Corrections Are Part Of The Game
From a big-picture standpoint, it is important to remember that corrections in the stock market are part of the game. While pullbacks have been short and sweet over the past couple of years, historically, the market has seen at least one correction of -10 percent or more each year. History also shows that each year usually experiences a handful of pullbacks in the 5 percent range.
However, it has now been 745 trading days (or almost three full years) since the last pullback of -10 percent or more on the S&P 500. It is worth noting that this is the second longest streak without a -10 percent pullback since 2000 and the third longest period of time without a meaningful correction in history.

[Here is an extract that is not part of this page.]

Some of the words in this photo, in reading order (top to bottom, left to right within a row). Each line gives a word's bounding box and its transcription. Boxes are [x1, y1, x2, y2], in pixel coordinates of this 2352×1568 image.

For starters this morning, here's a tip: If the recent action put fear in your heart, then it is probably a good idea to "sell to the sleeping point" and to use the current rebound to lighten up a bit. The bottom line is that if a pullback of 5 to 6 percent is causing you consternation, then you are overexposed to risk.
Although the market has been rebounding in furious fashion since the central bankers started talking it up by suggesting that more QE could be on the way if things get nasty, the question is if the current corrective phase will morph into the big, bad decline that so many analysts have been looking/calling for.

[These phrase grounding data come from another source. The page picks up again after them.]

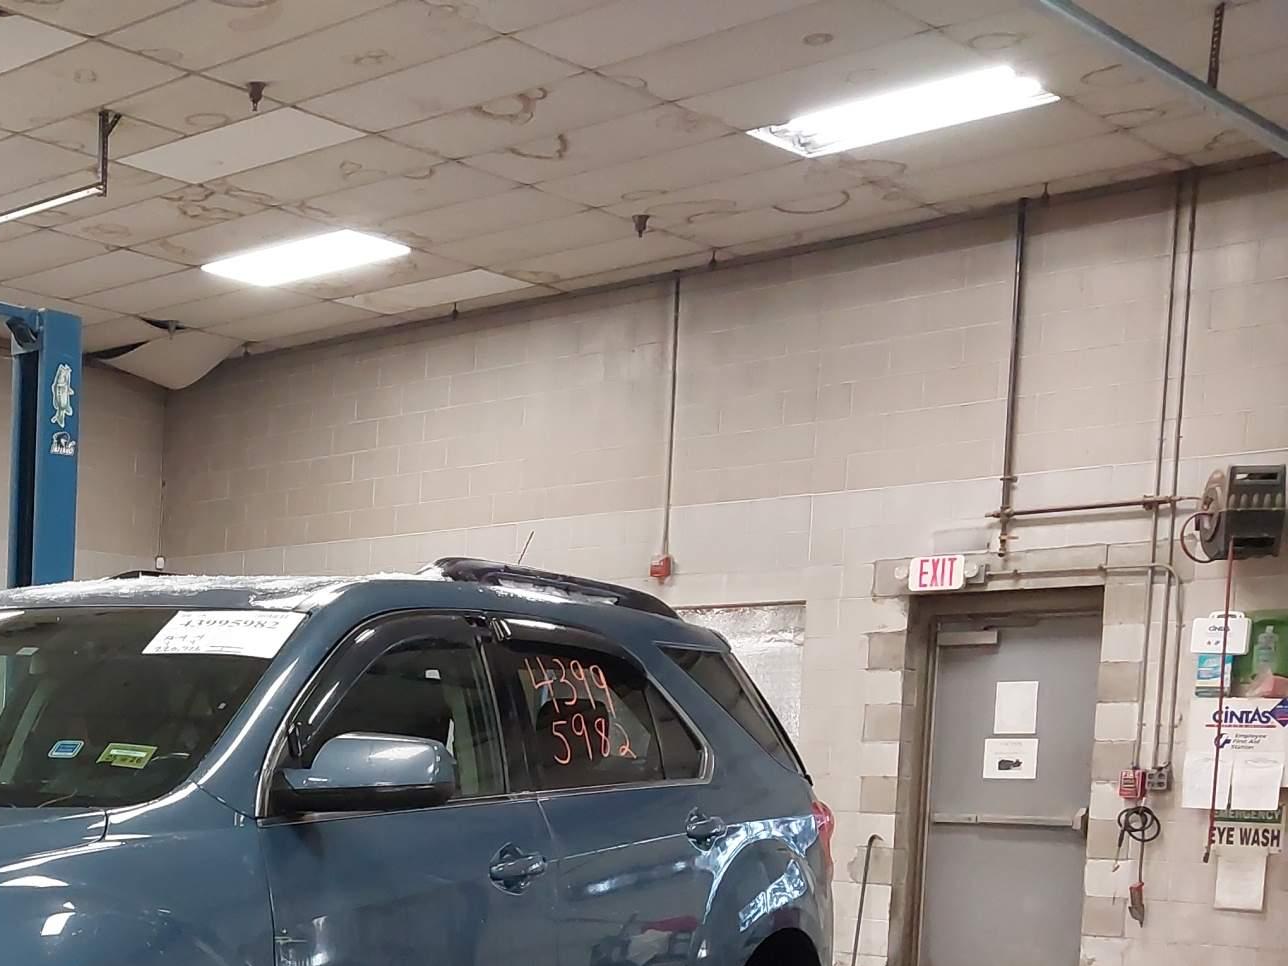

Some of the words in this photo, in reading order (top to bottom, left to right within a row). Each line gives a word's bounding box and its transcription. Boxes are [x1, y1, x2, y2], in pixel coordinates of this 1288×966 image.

[918, 557, 958, 588] EXIT
[524, 656, 617, 719] 4399
[552, 713, 638, 765] 5982
[1209, 826, 1235, 845] EYE
[1239, 827, 1281, 848] WASH
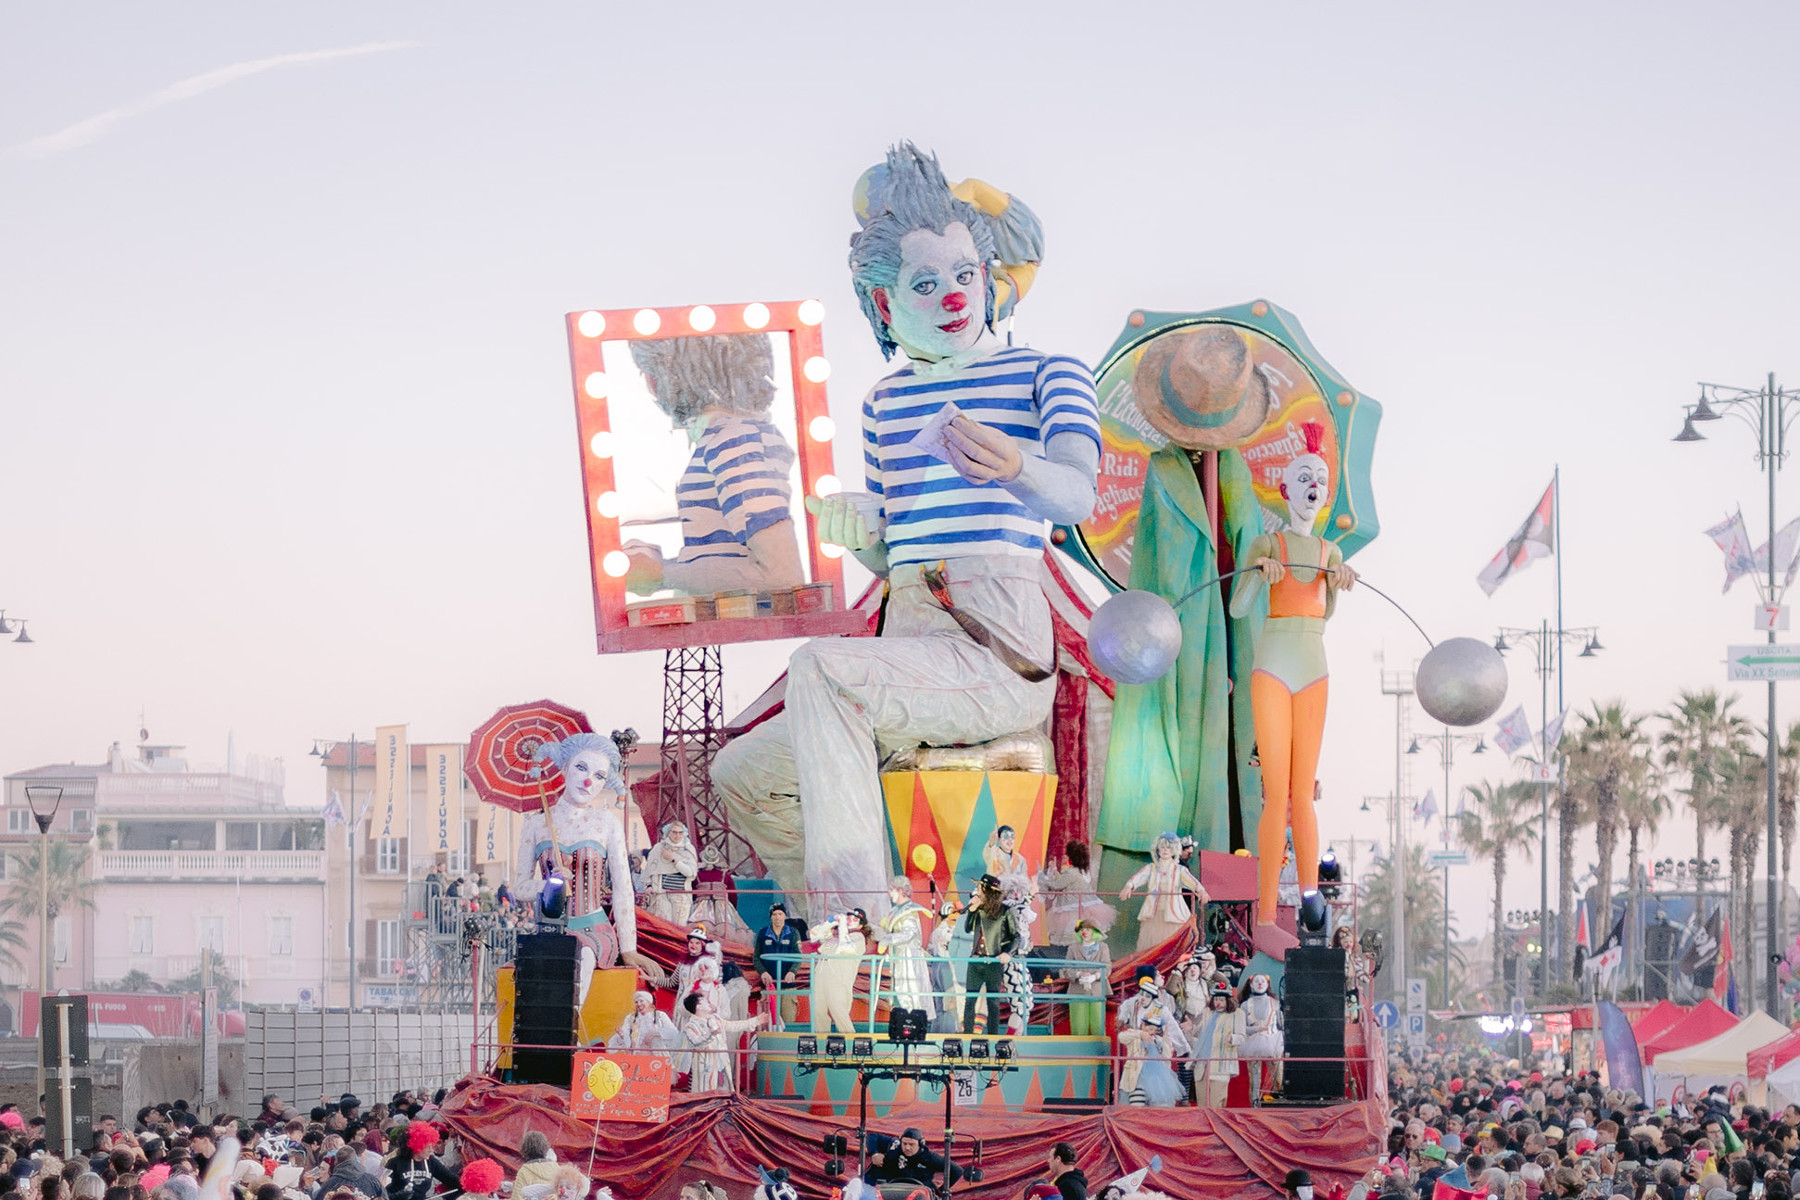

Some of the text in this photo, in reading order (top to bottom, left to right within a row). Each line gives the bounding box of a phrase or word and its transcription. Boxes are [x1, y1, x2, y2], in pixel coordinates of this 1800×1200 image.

[1104, 452, 1138, 477] Ridi
[1090, 481, 1144, 524] agliacci
[1766, 607, 1778, 626] 7
[1541, 768, 1550, 779] 6
[959, 1080, 972, 1096] 25

The trend for the past three years has been for all dips to be bought and for all declines to end in a "V" fashion. As such, a great many traders probably expect the market to continue blasting higher. After all, the S&P is already up more than +4.5 percent in the last four days on an intraday basis and +2.2 percent on a closing basis. It is clear that the rebound is "on" and that it will be up, up and away from here, right?
A Few Things Are Different This Time
However, there are a few things happening currently that were not in place during all the little pullbacks seen since 2011.
First, this time around, there is no "crisis" for traders to breathlessly follow each and every day. No, this time, the worries are based on fundamentals such as global economic growth and inflation/deflation.
Next up, there is the combination of technical divergences and narrow leadership. While this situation could easily rectify itself with a few more days of frenzied upside action, this dynamic duo has a nasty habit of showing up during important market tops.
Finally, it is worth noting that some longer-term indicators are starting to wave red flags, which is an indication that all is not well beneath the surface. Again, if the bulls have indeed rediscovered their mojo thanks in part to the words of the world's central bankers as well as Apple's (NASDAQ: AAPL) gangbusters earnings report, then all of these pesky little technical issues could easily fall by the wayside.
Speaking Of Bounces
Assuming the rally that is occurring in the premarket holds up (S&P futures are up about 15 points as of this writing), there will likely be an awful lot of talk about the S&P recapturing its 200-day moving average. The press will trot out that idea that this means all is now right with the world again and that the bulls are back in business.
Of course, time will tell on that score, but one good way to measure how far a rally within a corrective phase can go is to look at Fibonacci retracement levels.
S&P 500 (NYSE: SPY) - Daily
The chart above shows the Fibonacci retracement levels on a closing basis. The first key level -- the 25 percent retracement level -- was satisfied with yesterday's pop higher.
Therefore, the next important level to look for is the 0.382 retracement, which currently resides at about 1,920. Since this also happens to be an important retracement level on an intraday basis, it is a safe bet that this level should get some attention in the near-term.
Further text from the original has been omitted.